:: Action item ::
An exact copy of all the data is required.
━━━━━━━━
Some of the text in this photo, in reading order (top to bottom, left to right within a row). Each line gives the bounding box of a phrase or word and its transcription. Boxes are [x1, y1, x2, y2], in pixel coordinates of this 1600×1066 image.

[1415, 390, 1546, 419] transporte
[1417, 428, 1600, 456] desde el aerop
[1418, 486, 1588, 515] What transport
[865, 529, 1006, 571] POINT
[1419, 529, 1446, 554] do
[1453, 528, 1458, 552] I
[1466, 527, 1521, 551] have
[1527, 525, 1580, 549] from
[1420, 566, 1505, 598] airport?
━━━━━━━━
:: Result of this task ::
Some of the text in this photo, in reading order (top to bottom, left to right within a row). Each line gives the bounding box of a phrase or word and its transcription. Boxes are [x1, y1, x2, y2], in pixel coordinates of this 1600×1066 image.

[1415, 390, 1546, 419] transporte
[1417, 428, 1600, 456] desde el aerop
[1418, 486, 1588, 515] What transport
[865, 529, 1006, 571] POINT
[1419, 529, 1446, 554] do
[1453, 528, 1458, 552] I
[1466, 527, 1521, 551] have
[1527, 525, 1580, 549] from
[1420, 566, 1505, 598] airport?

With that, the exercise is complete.